(DATA IN THIS EXERCISE)

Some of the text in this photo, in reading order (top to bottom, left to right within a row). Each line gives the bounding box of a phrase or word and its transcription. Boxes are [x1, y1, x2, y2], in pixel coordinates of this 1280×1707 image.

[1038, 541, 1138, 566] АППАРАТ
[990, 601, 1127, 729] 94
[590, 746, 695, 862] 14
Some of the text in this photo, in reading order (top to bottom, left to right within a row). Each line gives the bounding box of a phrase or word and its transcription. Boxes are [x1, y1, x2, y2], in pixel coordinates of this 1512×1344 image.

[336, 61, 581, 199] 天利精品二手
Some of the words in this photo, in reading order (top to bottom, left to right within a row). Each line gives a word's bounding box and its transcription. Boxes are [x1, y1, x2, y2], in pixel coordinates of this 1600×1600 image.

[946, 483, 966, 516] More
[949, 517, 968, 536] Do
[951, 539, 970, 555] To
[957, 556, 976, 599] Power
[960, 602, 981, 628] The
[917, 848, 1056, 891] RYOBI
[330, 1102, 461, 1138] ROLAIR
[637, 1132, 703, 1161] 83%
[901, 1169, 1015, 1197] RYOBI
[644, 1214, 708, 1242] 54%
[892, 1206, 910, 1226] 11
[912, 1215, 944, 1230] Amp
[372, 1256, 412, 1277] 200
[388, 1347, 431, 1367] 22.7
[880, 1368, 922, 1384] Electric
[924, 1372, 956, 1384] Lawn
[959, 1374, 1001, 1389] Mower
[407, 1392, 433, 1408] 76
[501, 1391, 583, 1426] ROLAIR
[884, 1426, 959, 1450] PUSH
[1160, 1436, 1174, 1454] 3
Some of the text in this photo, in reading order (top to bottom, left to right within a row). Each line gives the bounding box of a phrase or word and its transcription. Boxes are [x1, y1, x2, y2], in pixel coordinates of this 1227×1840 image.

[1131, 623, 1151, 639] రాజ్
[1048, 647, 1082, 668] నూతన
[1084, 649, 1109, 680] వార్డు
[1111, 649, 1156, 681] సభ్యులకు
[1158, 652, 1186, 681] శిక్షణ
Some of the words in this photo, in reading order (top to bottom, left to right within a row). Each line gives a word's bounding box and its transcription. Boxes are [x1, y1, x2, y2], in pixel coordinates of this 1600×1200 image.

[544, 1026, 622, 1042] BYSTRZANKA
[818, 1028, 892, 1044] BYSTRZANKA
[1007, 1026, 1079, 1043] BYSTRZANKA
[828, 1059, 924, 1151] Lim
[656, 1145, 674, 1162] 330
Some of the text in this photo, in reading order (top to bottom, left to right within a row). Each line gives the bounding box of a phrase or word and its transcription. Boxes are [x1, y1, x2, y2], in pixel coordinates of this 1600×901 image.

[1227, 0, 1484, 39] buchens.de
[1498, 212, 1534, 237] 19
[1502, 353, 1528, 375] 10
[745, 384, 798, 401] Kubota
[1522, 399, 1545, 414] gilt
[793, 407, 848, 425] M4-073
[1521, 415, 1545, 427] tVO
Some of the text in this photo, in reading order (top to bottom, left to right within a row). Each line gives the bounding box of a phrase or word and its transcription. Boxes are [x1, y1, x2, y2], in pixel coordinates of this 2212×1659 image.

(REQUIRED WORK) Line by line, output the records exactly as given.

(SOLUTION TO THE EXERCISE)
Some of the text in this photo, in reading order (top to bottom, left to right within a row). Each line gives the bounding box of a phrase or word and its transcription. Boxes are [x1, y1, x2, y2], in pixel coordinates of this 1280×1707 image.

[1038, 541, 1138, 566] АППАРАТ
[990, 601, 1127, 729] 94
[590, 746, 695, 862] 14
Some of the text in this photo, in reading order (top to bottom, left to right within a row). Each line gives the bounding box of a phrase or word and its transcription. Boxes are [x1, y1, x2, y2], in pixel coordinates of this 1512×1344 image.

[336, 61, 581, 199] 天利精品二手
Some of the words in this photo, in reading order (top to bottom, left to right within a row). Each line gives a word's bounding box and its transcription. Boxes are [x1, y1, x2, y2], in pixel coordinates of this 1600×1600 image.

[946, 483, 966, 516] More
[949, 517, 968, 536] Do
[951, 539, 970, 555] To
[957, 556, 976, 599] Power
[960, 602, 981, 628] The
[917, 848, 1056, 891] RYOBI
[330, 1102, 461, 1138] ROLAIR
[637, 1132, 703, 1161] 83%
[901, 1169, 1015, 1197] RYOBI
[644, 1214, 708, 1242] 54%
[892, 1206, 910, 1226] 11
[912, 1215, 944, 1230] Amp
[372, 1256, 412, 1277] 200
[388, 1347, 431, 1367] 22.7
[880, 1368, 922, 1384] Electric
[924, 1372, 956, 1384] Lawn
[959, 1374, 1001, 1389] Mower
[407, 1392, 433, 1408] 76
[501, 1391, 583, 1426] ROLAIR
[884, 1426, 959, 1450] PUSH
[1160, 1436, 1174, 1454] 3
Some of the text in this photo, in reading order (top to bottom, left to right within a row). Each line gives the bounding box of a phrase or word and its transcription. Boxes are [x1, y1, x2, y2], in pixel coordinates of this 1227×1840 image.

[1131, 623, 1151, 639] రాజ్
[1048, 647, 1082, 668] నూతన
[1084, 649, 1109, 680] వార్డు
[1111, 649, 1156, 681] సభ్యులకు
[1158, 652, 1186, 681] శిక్షణ
Some of the words in this photo, in reading order (top to bottom, left to right within a row). Each line gives a word's bounding box and its transcription. Boxes are [x1, y1, x2, y2], in pixel coordinates of this 1600×1200 image.

[544, 1026, 622, 1042] BYSTRZANKA
[818, 1028, 892, 1044] BYSTRZANKA
[1007, 1026, 1079, 1043] BYSTRZANKA
[828, 1059, 924, 1151] Lim
[656, 1145, 674, 1162] 330
Some of the text in this photo, in reading order (top to bottom, left to right within a row). Each line gives the bounding box of a phrase or word and its transcription. Boxes are [x1, y1, x2, y2], in pixel coordinates of this 1600×901 image.

[1227, 0, 1484, 39] buchens.de
[1498, 212, 1534, 237] 19
[1502, 353, 1528, 375] 10
[745, 384, 798, 401] Kubota
[1522, 399, 1545, 414] gilt
[793, 407, 848, 425] M4-073
[1521, 415, 1545, 427] tVO
Some of the text in this photo, in reading order (top to bottom, left to right within a row). Each line gives the bounding box of a phrase or word and its transcription. Boxes are [x1, y1, x2, y2], in pixel coordinates of this 2212×1659 image.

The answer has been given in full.